CHP, bir kere başlamış olan bu süreci vakarla yönetmek zorunda şimdi.
* * * *
“Yeni” rejim, dış politikada ve ekonomide ülkeyi ve kendini “eskiden” soktuğu çıkmazlarda.
Eline aldığı erk, bırakın Trump’a, Putin’e, Merkel’e, Londra’daki bir portföy şirketine bile ulaşmaz.
Yarattığı ekonominin ezdiği yığınların muhtemel protestolarını ve siyasi muhaliflerini sindirme aracı olabilir ancak.
Bu durumda halkla bağlarını her zamankinden daha güçlü kılmak zorunda olan muhalefetin, en tabandaki üyeden en üst organlarına kadar, dikkatlerini, “kim, nereye aday olacak?” türünden sorulara değil partilerinin ülkeye sunacağı gelecek tasarımına yönelten bir zihniyet değişimine-devrimine şiddetle ihtiyacı var.
Kurultay, böyle bir değişim ihtimali sunacaksa, bundan kaçınmamalı.

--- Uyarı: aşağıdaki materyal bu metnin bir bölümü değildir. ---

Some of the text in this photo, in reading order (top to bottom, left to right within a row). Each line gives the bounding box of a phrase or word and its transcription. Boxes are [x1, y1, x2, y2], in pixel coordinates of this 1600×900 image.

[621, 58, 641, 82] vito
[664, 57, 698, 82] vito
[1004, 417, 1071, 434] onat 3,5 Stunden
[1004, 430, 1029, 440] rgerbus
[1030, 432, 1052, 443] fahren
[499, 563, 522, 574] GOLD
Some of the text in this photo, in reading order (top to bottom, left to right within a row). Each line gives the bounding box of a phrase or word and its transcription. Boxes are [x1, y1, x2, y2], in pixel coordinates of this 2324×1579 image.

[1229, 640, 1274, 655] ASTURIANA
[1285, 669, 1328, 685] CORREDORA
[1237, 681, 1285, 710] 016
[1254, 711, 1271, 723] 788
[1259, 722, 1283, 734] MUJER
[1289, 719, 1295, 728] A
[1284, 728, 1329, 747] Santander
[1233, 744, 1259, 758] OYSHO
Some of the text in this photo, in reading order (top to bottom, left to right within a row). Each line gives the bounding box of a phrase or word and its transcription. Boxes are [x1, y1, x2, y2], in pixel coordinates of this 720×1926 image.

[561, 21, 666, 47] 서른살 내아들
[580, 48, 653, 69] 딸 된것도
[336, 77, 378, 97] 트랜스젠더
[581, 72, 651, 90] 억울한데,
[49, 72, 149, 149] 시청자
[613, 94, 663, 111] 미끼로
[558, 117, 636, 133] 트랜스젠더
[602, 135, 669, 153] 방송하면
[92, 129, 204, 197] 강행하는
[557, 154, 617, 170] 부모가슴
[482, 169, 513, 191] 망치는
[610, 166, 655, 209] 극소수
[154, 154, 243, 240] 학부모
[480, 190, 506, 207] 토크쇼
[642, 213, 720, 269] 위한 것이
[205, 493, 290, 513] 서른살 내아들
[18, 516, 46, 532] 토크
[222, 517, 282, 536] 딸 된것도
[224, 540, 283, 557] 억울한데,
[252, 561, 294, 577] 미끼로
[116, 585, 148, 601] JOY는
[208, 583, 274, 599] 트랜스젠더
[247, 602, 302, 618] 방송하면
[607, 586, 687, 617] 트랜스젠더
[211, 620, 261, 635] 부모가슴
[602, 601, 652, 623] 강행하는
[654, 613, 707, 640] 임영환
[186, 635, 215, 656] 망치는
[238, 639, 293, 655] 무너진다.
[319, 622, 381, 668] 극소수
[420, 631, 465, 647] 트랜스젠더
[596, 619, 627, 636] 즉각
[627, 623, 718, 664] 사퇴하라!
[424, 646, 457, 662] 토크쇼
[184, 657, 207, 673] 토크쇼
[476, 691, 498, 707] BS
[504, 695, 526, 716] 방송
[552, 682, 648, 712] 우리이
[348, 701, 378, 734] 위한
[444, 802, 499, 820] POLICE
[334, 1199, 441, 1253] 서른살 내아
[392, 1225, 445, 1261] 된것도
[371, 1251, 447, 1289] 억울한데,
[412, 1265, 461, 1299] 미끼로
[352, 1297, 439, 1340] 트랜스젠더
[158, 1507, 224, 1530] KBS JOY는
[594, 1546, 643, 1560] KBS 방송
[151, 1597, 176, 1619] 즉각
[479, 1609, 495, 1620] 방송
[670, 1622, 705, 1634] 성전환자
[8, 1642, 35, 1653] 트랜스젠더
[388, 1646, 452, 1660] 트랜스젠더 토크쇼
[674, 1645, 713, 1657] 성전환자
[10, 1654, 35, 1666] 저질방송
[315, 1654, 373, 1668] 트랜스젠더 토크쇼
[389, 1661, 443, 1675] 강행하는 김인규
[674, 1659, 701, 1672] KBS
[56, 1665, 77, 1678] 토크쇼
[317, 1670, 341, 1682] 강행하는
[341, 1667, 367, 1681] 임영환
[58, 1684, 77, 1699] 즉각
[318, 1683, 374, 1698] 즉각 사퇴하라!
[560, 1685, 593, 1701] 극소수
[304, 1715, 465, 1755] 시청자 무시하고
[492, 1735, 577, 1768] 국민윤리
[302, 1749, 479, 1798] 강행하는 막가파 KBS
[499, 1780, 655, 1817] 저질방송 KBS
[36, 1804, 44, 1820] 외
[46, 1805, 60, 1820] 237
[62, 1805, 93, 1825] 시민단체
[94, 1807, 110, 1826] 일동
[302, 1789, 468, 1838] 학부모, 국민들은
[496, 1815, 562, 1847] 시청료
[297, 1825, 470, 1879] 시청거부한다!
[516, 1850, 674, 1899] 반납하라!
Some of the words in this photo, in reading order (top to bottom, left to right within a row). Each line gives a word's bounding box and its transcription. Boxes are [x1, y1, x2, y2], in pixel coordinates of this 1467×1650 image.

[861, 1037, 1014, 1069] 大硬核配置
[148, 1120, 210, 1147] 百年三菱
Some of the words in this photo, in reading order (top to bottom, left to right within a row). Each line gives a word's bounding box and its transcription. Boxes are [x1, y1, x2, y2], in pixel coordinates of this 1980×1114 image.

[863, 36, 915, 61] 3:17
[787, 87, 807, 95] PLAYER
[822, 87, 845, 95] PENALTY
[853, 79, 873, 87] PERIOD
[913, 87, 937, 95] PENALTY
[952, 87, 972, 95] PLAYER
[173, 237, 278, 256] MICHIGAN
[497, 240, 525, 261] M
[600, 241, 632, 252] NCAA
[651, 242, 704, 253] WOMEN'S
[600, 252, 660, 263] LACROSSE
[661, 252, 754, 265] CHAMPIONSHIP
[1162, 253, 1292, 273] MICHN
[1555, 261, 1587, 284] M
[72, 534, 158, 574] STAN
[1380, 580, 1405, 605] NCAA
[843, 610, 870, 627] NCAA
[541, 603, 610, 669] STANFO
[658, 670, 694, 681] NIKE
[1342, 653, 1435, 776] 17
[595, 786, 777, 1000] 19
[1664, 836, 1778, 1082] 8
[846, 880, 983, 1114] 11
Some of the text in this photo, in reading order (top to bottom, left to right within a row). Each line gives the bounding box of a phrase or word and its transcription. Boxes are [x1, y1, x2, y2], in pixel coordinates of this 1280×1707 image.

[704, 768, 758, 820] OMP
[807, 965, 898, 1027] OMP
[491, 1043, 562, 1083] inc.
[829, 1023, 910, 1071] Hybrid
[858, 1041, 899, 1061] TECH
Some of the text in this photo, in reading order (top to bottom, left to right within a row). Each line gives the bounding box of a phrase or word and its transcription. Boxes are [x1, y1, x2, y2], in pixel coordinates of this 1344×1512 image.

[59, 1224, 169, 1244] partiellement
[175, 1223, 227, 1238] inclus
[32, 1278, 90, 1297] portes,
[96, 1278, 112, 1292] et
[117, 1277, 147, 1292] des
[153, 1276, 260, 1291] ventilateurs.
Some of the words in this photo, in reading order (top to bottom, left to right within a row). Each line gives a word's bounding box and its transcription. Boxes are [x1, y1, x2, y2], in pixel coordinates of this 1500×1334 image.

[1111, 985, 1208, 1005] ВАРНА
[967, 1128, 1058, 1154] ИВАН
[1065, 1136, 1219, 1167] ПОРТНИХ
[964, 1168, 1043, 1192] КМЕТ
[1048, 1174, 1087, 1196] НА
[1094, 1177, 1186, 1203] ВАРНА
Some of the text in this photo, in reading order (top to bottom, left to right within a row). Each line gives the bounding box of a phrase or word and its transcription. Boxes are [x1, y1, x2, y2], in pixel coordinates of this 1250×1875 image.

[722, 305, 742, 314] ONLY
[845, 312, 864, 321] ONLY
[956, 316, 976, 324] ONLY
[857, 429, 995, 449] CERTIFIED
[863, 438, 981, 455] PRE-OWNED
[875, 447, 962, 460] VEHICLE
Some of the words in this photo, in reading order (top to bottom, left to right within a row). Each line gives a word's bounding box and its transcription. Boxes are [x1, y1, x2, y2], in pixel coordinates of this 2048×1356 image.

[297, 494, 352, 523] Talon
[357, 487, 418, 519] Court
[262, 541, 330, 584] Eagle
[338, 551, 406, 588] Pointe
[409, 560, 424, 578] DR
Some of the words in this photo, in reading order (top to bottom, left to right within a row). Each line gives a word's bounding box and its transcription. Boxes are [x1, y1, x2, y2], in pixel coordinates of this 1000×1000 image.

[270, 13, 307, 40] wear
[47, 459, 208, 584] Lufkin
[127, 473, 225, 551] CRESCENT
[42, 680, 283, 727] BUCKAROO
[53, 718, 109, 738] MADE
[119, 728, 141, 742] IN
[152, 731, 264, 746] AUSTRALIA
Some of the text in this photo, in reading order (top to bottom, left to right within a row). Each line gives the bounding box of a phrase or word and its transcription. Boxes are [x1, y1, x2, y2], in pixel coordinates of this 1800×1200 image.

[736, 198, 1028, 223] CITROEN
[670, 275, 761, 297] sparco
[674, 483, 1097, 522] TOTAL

Tabanda işleyen, üyelerin büyük çoğunluğunu işlevli kılan bir sandık çevresi örgütlenmesi; tepede bununla sıkı organik bağlar içinde, güçlü bir “Parti Mutfağı”.
Acil ve mutlak ihtiyaç budur.
Başaramazsak Atatürk’ün partisinin üyeleri olarak vebal altındayız vesselam.
Tebrikler hocam çok güzel bir yazı başarılar dilerim.
Sevgili hocam tamda anlattiginiz gibi,degisim olursa sayet eski duzen zihinler de devam ederse bosa caba,ama bunu yasamak ve gormek gerek,yazinizi musadenizle paylasmak isterim.